### About this task
Leave every picture out and write out the records below exactly.

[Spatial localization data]
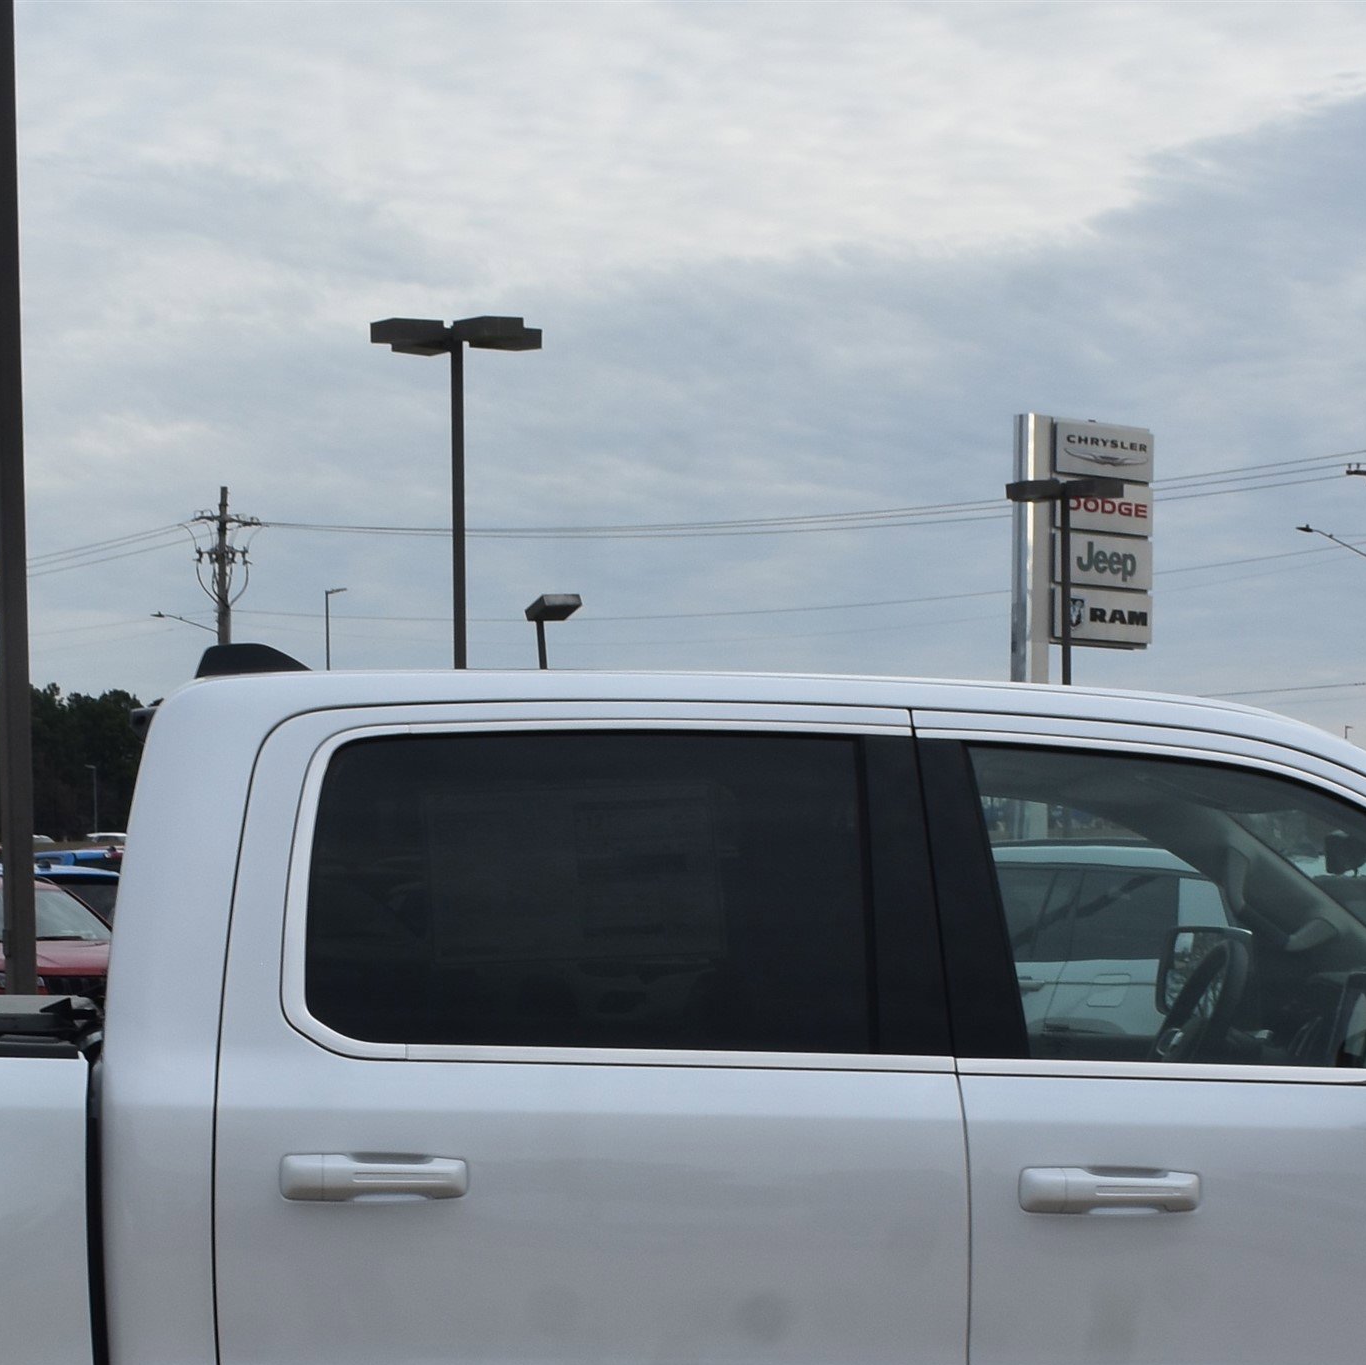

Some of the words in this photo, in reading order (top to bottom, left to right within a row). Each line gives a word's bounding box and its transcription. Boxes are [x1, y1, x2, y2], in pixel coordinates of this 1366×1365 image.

[1066, 433, 1147, 453] CHRYSLER
[1069, 495, 1148, 519] DODGE
[1076, 541, 1136, 582] Jeep
[1089, 607, 1147, 627] RAM
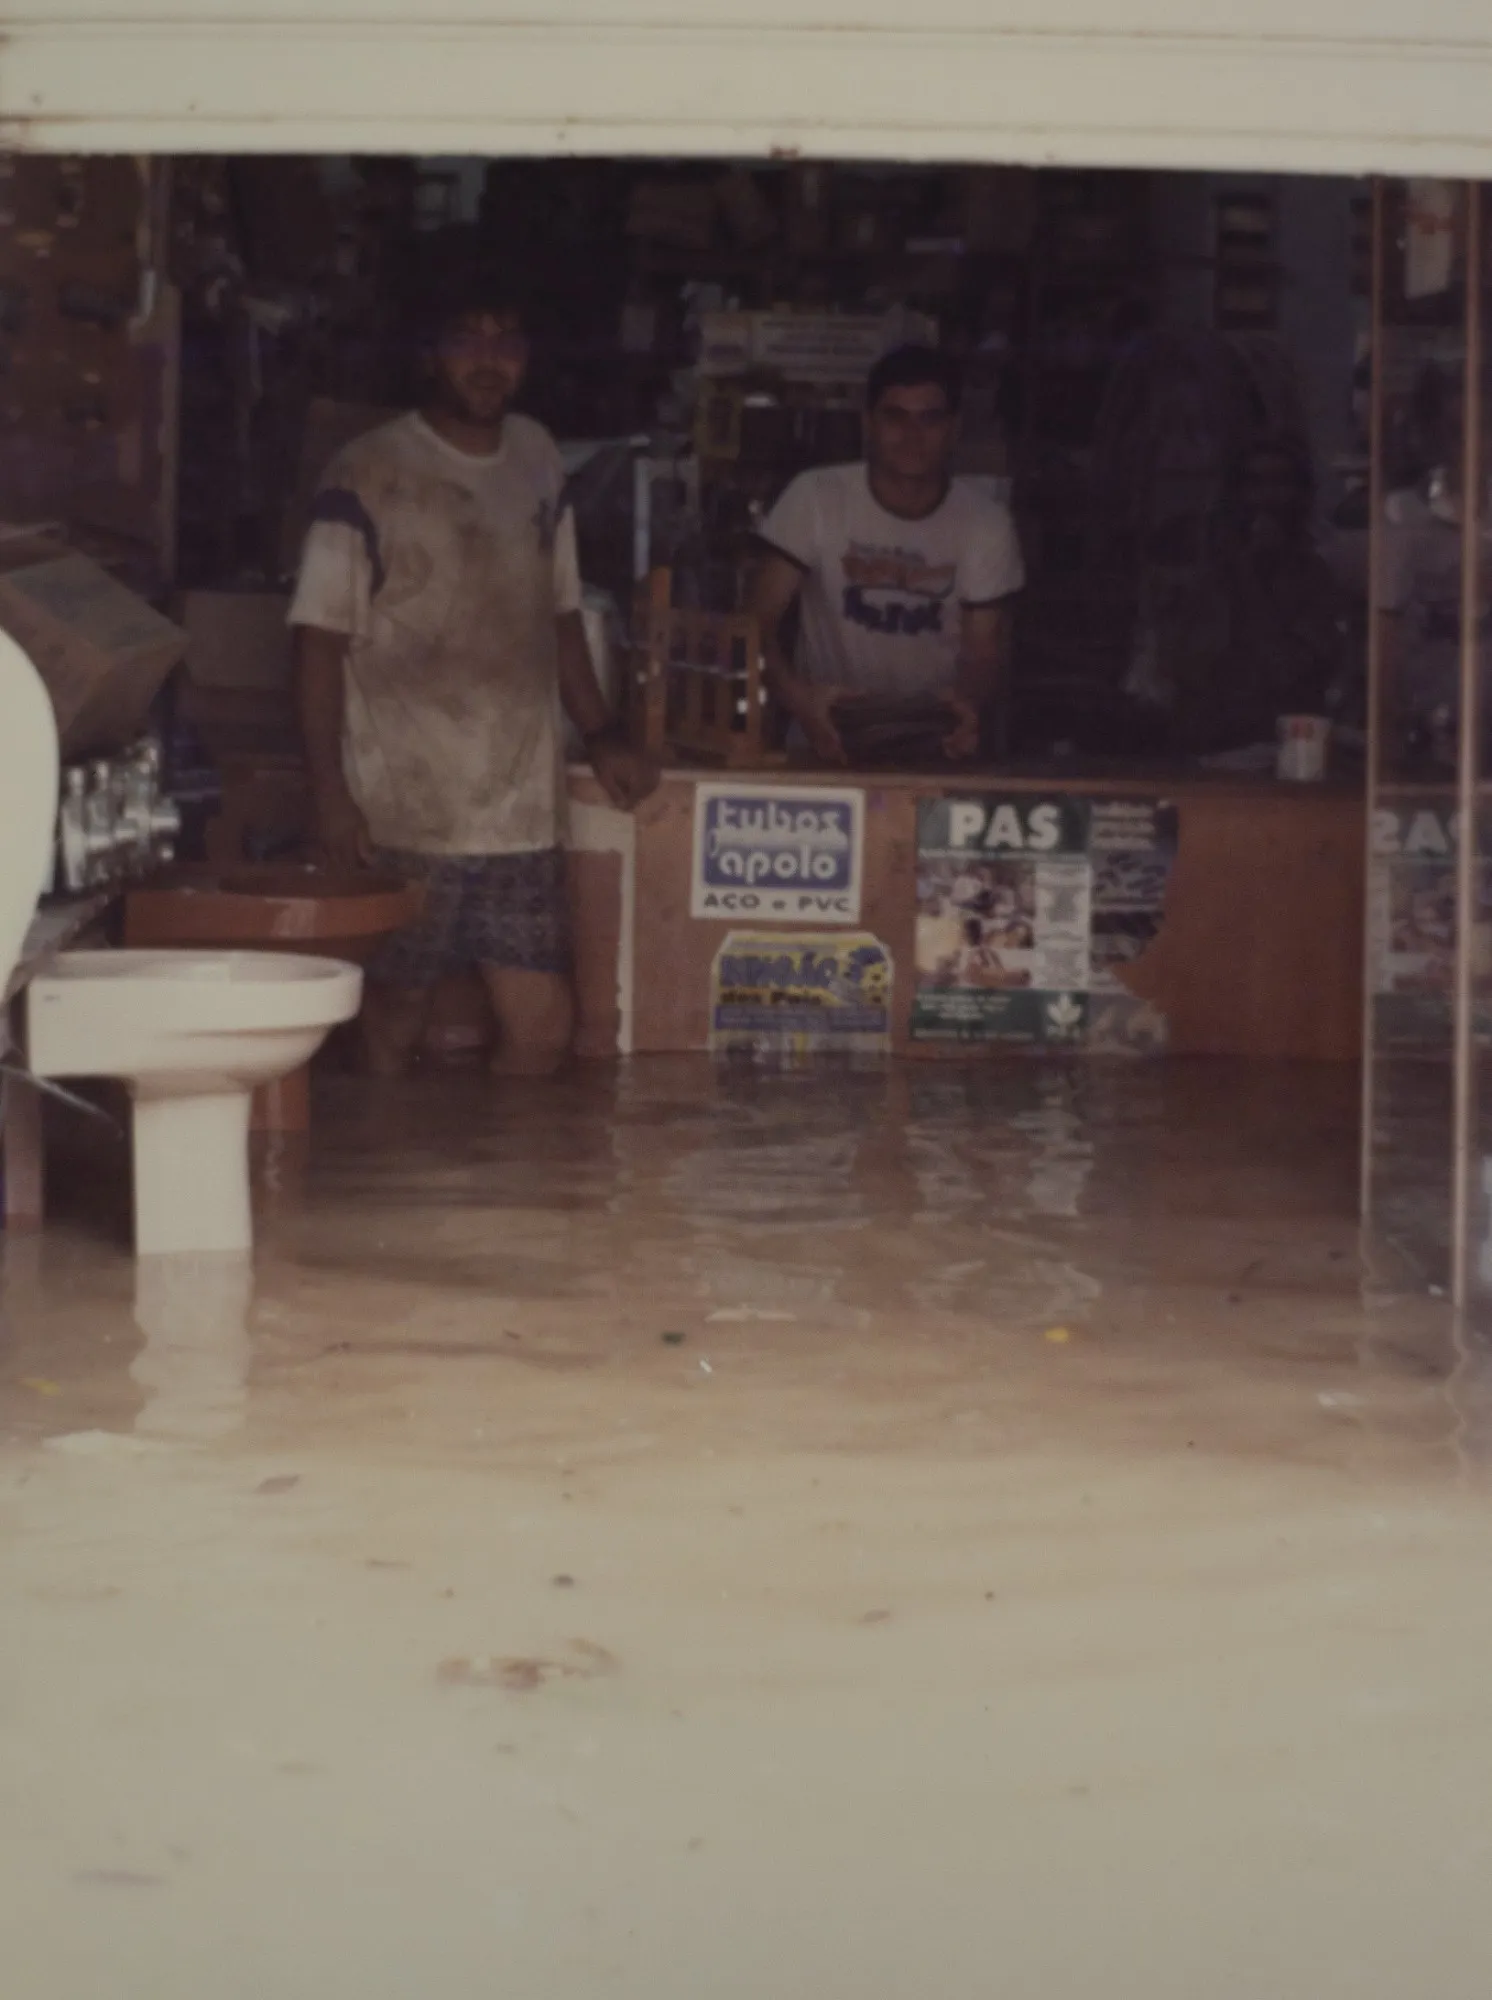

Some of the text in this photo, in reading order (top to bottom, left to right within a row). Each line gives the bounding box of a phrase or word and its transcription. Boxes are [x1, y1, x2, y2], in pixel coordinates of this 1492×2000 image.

[717, 799, 840, 832] tubos
[950, 803, 1061, 848] PAS
[718, 845, 838, 884] apolo
[798, 896, 851, 913] PVC
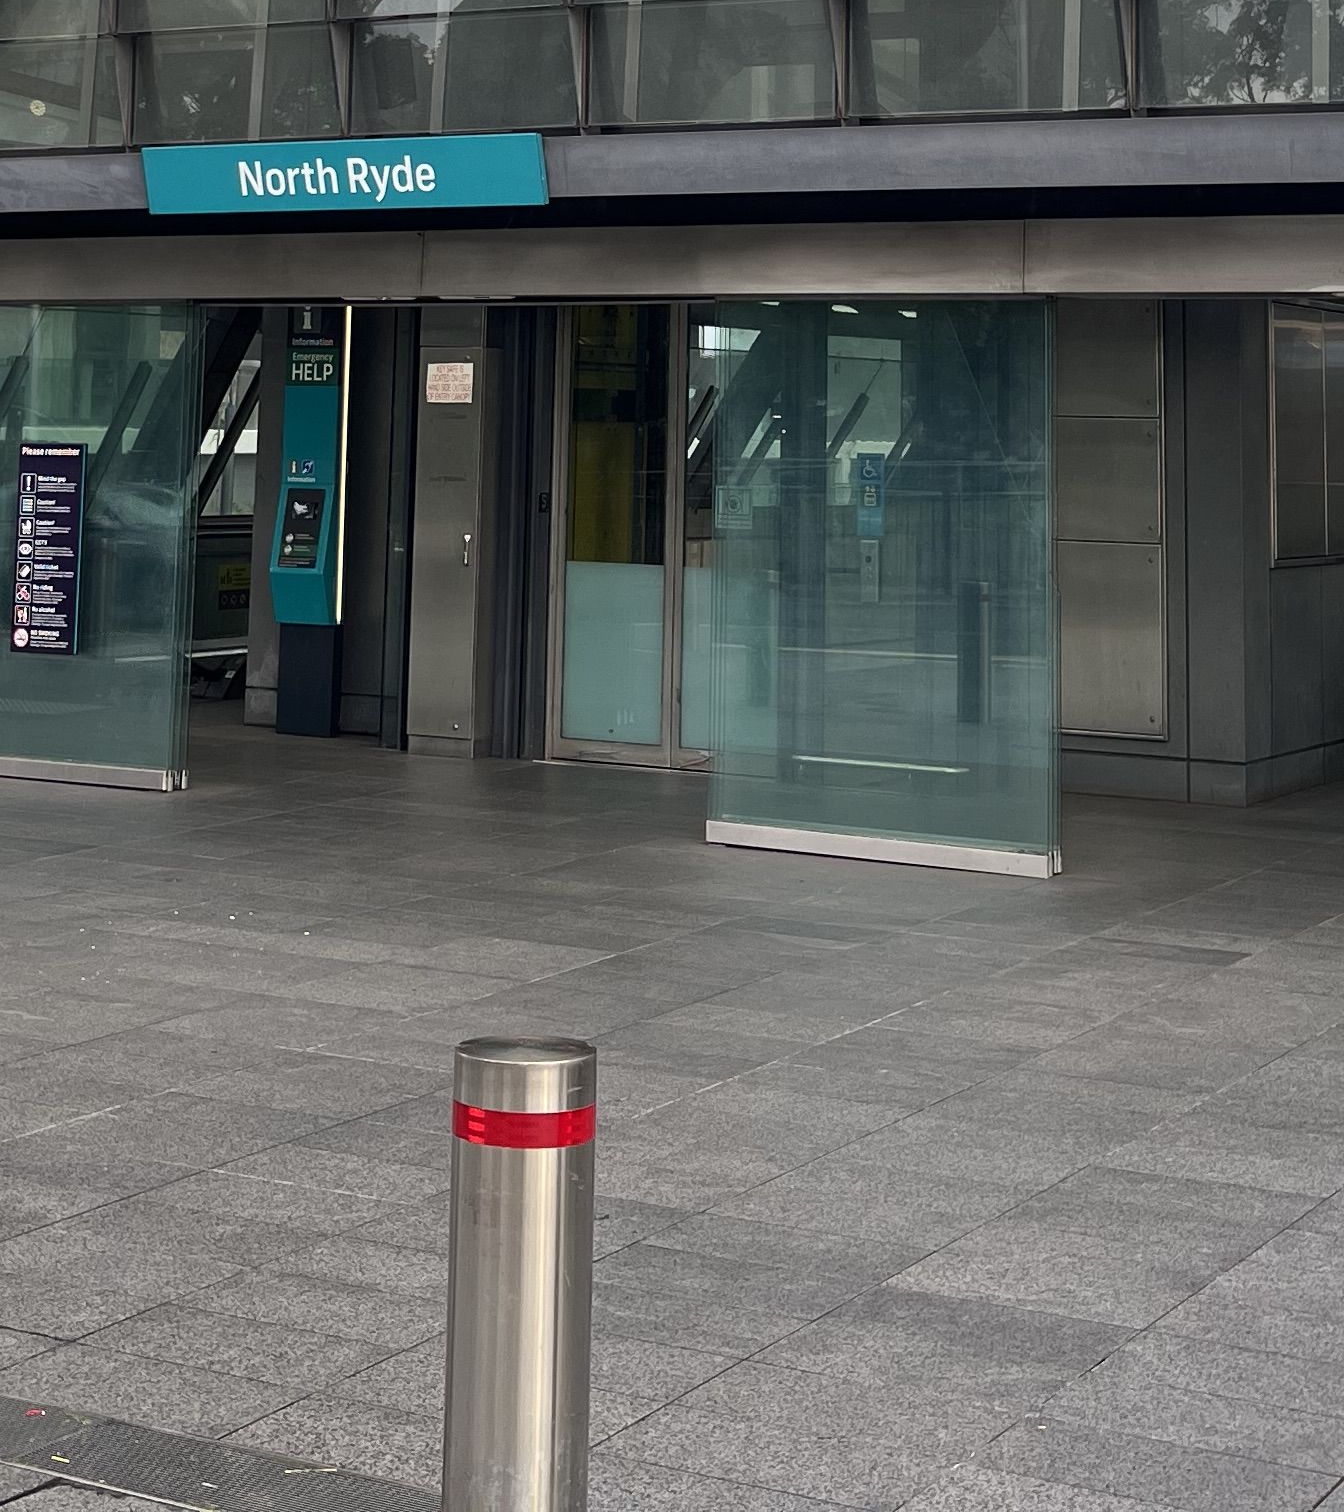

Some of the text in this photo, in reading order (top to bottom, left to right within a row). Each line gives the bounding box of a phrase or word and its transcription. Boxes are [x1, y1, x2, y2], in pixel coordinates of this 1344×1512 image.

[237, 155, 436, 203] North Ryde
[292, 338, 334, 347] Information
[292, 352, 334, 364] Emergency
[291, 363, 334, 381] HELP
[21, 446, 80, 457] Please remember
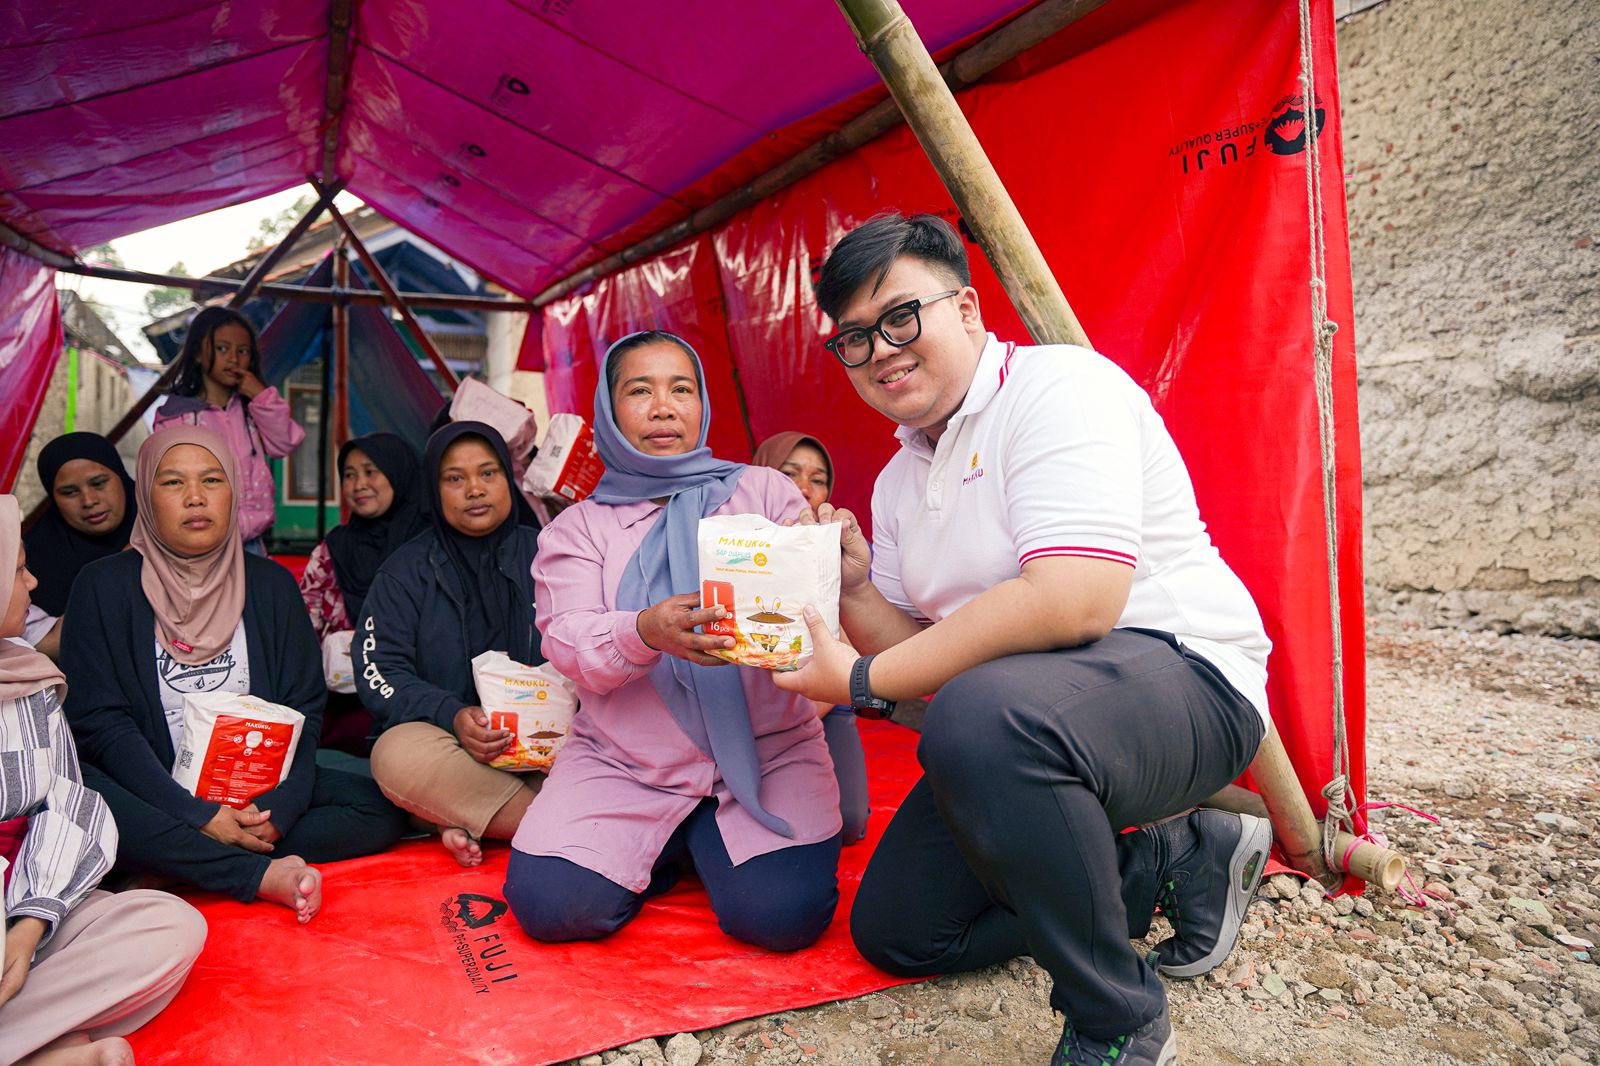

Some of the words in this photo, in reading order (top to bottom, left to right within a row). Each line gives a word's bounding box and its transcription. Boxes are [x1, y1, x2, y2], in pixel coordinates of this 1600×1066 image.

[1168, 132, 1212, 157] QUALITY
[1183, 135, 1257, 174] FUJI
[362, 616, 395, 699] adidas
[501, 715, 510, 730] L
[473, 933, 518, 983] FUJI

### Solution for this task
Some of the words in this photo, in reading order (top to bottom, left to right within a row). Each line gives a word's bounding box and its transcription. Boxes are [x1, y1, x2, y2], in pixel coordinates of this 1366×1365 image.

[1066, 433, 1147, 453] CHRYSLER
[1069, 495, 1148, 519] DODGE
[1076, 541, 1136, 582] Jeep
[1089, 607, 1147, 627] RAM

Some of the text in this photo, in reading order (top to bottom, left to right within a row). Each line gives the bounding box of a phrase or word and its transcription. Boxes are [x1, y1, x2, y2], in pixel coordinates of this 1492×2000 image.

[717, 799, 840, 832] tubos
[950, 803, 1061, 848] PAS
[718, 845, 838, 884] apolo
[798, 896, 851, 913] PVC

Some of the text in this photo, in reading order (top to bottom, left to right within a row). Each line gives the bounding box of a phrase or word and its transcription. Boxes are [x1, y1, x2, y2], in pixel coordinates of this 1344×1512 image.

[237, 155, 436, 203] North Ryde
[292, 338, 334, 347] Information
[292, 352, 334, 364] Emergency
[291, 363, 334, 381] HELP
[21, 446, 80, 457] Please remember

Some of the words in this photo, in reading order (top to bottom, left to right within a row). Each line gives a word's bounding box and its transcription. Boxes are [x1, y1, x2, y2], in pixel coordinates of this 1600×1066 image.

[1168, 132, 1212, 157] QUALITY
[1183, 135, 1257, 174] FUJI
[362, 616, 395, 699] adidas
[501, 715, 510, 730] L
[473, 933, 518, 983] FUJI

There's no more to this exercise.